### Records:

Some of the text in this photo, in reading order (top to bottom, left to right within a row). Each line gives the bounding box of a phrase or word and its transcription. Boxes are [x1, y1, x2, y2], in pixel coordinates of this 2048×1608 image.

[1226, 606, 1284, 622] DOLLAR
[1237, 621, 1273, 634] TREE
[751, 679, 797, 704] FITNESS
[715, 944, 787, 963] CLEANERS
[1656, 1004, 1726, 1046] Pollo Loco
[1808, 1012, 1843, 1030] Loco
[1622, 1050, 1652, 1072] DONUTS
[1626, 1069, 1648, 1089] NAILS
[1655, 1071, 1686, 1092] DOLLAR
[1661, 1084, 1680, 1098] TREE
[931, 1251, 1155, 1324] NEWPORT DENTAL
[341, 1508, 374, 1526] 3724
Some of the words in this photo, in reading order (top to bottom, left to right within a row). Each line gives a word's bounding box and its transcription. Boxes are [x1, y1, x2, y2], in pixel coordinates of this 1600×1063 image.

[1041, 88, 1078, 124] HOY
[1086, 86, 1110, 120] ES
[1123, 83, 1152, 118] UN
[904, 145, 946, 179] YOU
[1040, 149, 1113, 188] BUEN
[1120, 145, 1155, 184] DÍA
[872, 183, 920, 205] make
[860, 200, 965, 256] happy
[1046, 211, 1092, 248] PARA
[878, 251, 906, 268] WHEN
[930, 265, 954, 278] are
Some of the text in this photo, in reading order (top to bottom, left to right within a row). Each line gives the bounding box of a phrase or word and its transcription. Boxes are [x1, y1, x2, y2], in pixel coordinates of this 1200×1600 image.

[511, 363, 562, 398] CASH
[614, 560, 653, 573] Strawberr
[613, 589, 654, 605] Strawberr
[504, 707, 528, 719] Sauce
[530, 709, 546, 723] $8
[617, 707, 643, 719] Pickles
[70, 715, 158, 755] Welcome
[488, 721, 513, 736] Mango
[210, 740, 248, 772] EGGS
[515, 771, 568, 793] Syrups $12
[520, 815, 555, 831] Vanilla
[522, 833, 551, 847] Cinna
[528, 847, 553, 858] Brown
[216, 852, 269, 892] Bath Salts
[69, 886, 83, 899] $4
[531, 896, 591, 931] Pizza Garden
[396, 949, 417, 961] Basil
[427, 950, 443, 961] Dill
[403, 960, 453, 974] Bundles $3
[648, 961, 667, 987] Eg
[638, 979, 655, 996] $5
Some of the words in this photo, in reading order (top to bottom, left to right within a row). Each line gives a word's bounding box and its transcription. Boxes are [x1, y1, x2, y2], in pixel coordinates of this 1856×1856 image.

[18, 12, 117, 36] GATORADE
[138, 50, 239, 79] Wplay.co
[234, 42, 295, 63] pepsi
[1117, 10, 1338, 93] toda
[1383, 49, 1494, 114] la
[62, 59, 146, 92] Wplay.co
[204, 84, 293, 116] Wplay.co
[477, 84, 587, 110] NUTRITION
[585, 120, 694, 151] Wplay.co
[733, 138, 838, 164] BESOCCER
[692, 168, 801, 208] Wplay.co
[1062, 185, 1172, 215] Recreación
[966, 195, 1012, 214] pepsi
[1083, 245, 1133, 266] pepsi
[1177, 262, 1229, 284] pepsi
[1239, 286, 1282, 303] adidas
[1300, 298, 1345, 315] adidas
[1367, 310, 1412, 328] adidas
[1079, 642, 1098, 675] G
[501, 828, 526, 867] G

### Goal of the exercise:
Type out the full listing again, exactly as given.

### Solution to this exercise:
Some of the text in this photo, in reading order (top to bottom, left to right within a row). Each line gives the bounding box of a phrase or word and its transcription. Boxes are [x1, y1, x2, y2], in pixel coordinates of this 2048×1608 image.

[1226, 606, 1284, 622] DOLLAR
[1237, 621, 1273, 634] TREE
[751, 679, 797, 704] FITNESS
[715, 944, 787, 963] CLEANERS
[1656, 1004, 1726, 1046] Pollo Loco
[1808, 1012, 1843, 1030] Loco
[1622, 1050, 1652, 1072] DONUTS
[1626, 1069, 1648, 1089] NAILS
[1655, 1071, 1686, 1092] DOLLAR
[1661, 1084, 1680, 1098] TREE
[931, 1251, 1155, 1324] NEWPORT DENTAL
[341, 1508, 374, 1526] 3724
Some of the words in this photo, in reading order (top to bottom, left to right within a row). Each line gives a word's bounding box and its transcription. Boxes are [x1, y1, x2, y2], in pixel coordinates of this 1600×1063 image.

[1041, 88, 1078, 124] HOY
[1086, 86, 1110, 120] ES
[1123, 83, 1152, 118] UN
[904, 145, 946, 179] YOU
[1040, 149, 1113, 188] BUEN
[1120, 145, 1155, 184] DÍA
[872, 183, 920, 205] make
[860, 200, 965, 256] happy
[1046, 211, 1092, 248] PARA
[878, 251, 906, 268] WHEN
[930, 265, 954, 278] are
Some of the text in this photo, in reading order (top to bottom, left to right within a row). Each line gives the bounding box of a phrase or word and its transcription. Boxes are [x1, y1, x2, y2], in pixel coordinates of this 1200×1600 image.

[511, 363, 562, 398] CASH
[614, 560, 653, 573] Strawberr
[613, 589, 654, 605] Strawberr
[504, 707, 528, 719] Sauce
[530, 709, 546, 723] $8
[617, 707, 643, 719] Pickles
[70, 715, 158, 755] Welcome
[488, 721, 513, 736] Mango
[210, 740, 248, 772] EGGS
[515, 771, 568, 793] Syrups $12
[520, 815, 555, 831] Vanilla
[522, 833, 551, 847] Cinna
[528, 847, 553, 858] Brown
[216, 852, 269, 892] Bath Salts
[69, 886, 83, 899] $4
[531, 896, 591, 931] Pizza Garden
[396, 949, 417, 961] Basil
[427, 950, 443, 961] Dill
[403, 960, 453, 974] Bundles $3
[648, 961, 667, 987] Eg
[638, 979, 655, 996] $5
Some of the words in this photo, in reading order (top to bottom, left to right within a row). Each line gives a word's bounding box and its transcription. Boxes are [x1, y1, x2, y2], in pixel coordinates of this 1856×1856 image.

[18, 12, 117, 36] GATORADE
[138, 50, 239, 79] Wplay.co
[234, 42, 295, 63] pepsi
[1117, 10, 1338, 93] toda
[1383, 49, 1494, 114] la
[62, 59, 146, 92] Wplay.co
[204, 84, 293, 116] Wplay.co
[477, 84, 587, 110] NUTRITION
[585, 120, 694, 151] Wplay.co
[733, 138, 838, 164] BESOCCER
[692, 168, 801, 208] Wplay.co
[1062, 185, 1172, 215] Recreación
[966, 195, 1012, 214] pepsi
[1083, 245, 1133, 266] pepsi
[1177, 262, 1229, 284] pepsi
[1239, 286, 1282, 303] adidas
[1300, 298, 1345, 315] adidas
[1367, 310, 1412, 328] adidas
[1079, 642, 1098, 675] G
[501, 828, 526, 867] G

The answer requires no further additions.